2017年12月21日 09時32分12秒 | 天理市へ
天理市の和爾町で仕出し料理もしている「川北食料品店」さんが、この年に注文を受けて配達に来ていた。

配達先は奈良市米谷町の座行事だった。

そこで会話したからわかった仕出し屋さんは和爾町の和爾坐赤坂比古神すぐ横だったことだ。

和爾坐赤坂比古神行事の御田植祭を拝見したのはずいぶん前のこと。

あれから9年も経っていた。

当時、氏子らから聞いていた秋のマツリに特徴があるのだが、未だに拝見できていない。

マツリにお渡りがある。

一行は先に山の神に出かけて参ってから神社に向かう。

特徴というのはそれでなく、子どもたちが取り組む相撲である。

お札を手に入れようと真剣勝負の子供相撲は座中のうち中堅どころの人が行司を勤める。

大賞を勝ち取った男子は御幣を受け取る。

生まれたばかりの子供は泣き相撲の取り組みになると聞いていたが、マツリの日は体育の日の前日。

つまりは第二日曜日。

県内で最も行事が重なる日。

都合をつけるのが難しく、未だに拝見できていないので申しわけないと思っている。

神社行事は五人の長老、宮守(一年神主)と十一人の大老、若衆四人で構成されている大老会の名がある宮座二十人衆が務めていた。

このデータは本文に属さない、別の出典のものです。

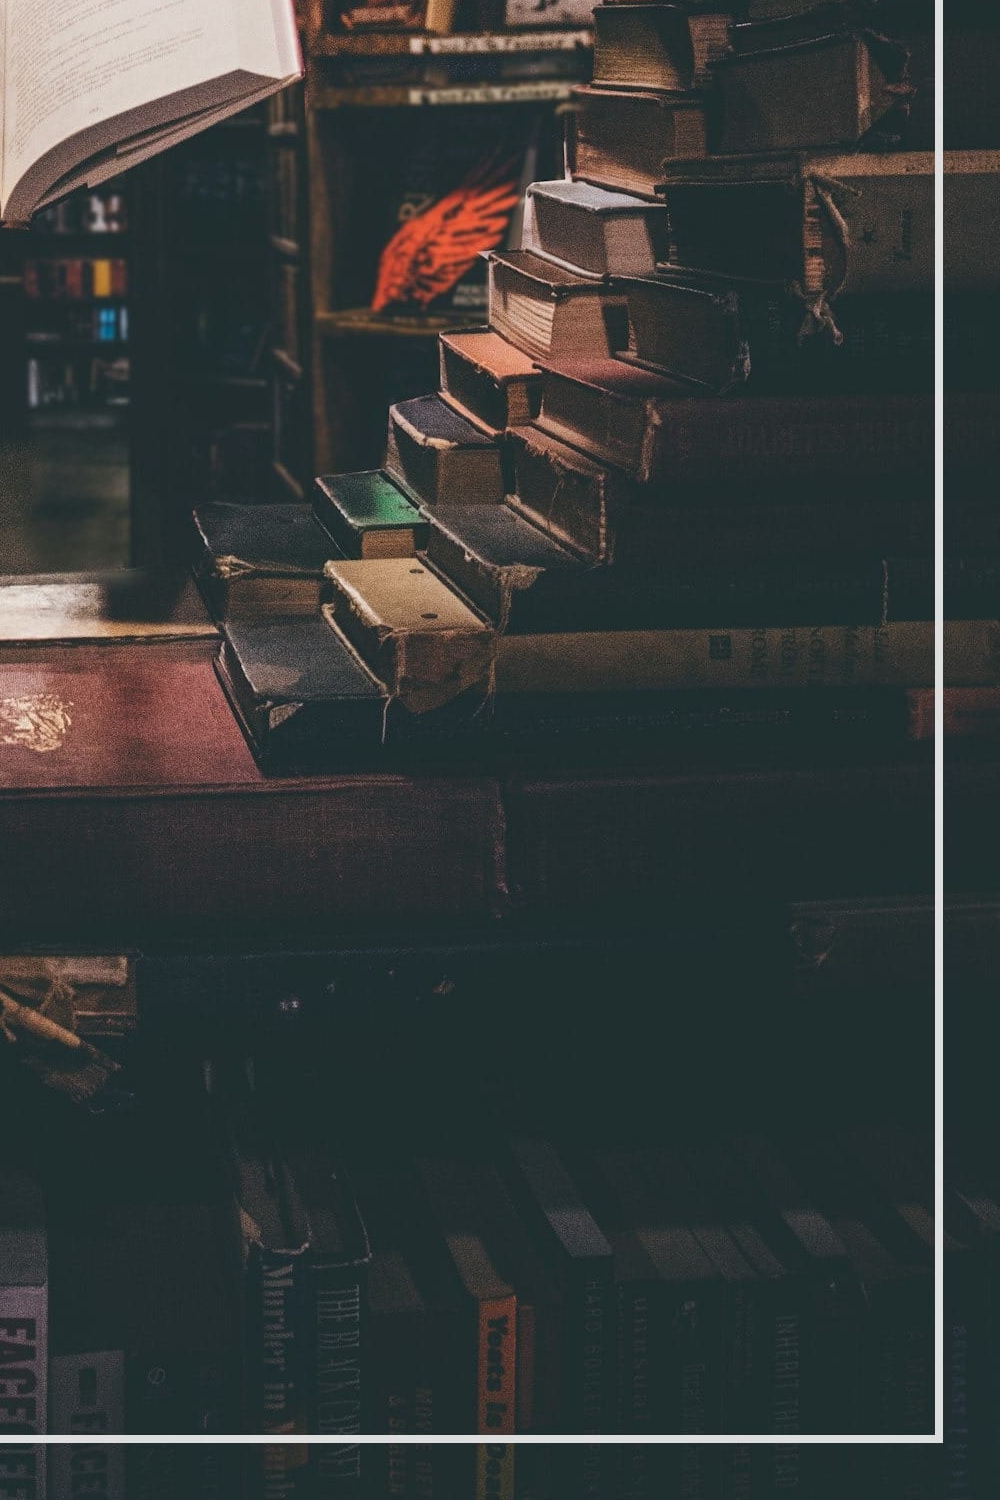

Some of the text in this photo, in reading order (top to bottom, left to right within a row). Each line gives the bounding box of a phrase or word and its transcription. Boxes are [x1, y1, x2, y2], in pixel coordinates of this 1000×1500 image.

宮座の役目を終えて引退になる人があって、若衆の座入りが認められる。

座中は一番若い人でも70歳を超えるくらいの高齢者であるが、皆元気だと云っていた。

しかし、あれから9年も経っている。

70歳だった方も80歳になっていることだろう。

入れ替わりに新入りが入られたとすれば半数ぐらいの顔ぶれが替わっているであろう。

顔繋ぎではないが、前回に拝見できなかったチンチロ付きの松苗を見たくなって訪れた。

9年も経っておれば神社の所在地は頭の中にあっても道中はどの道を行けば良いのか真っ白になっていた。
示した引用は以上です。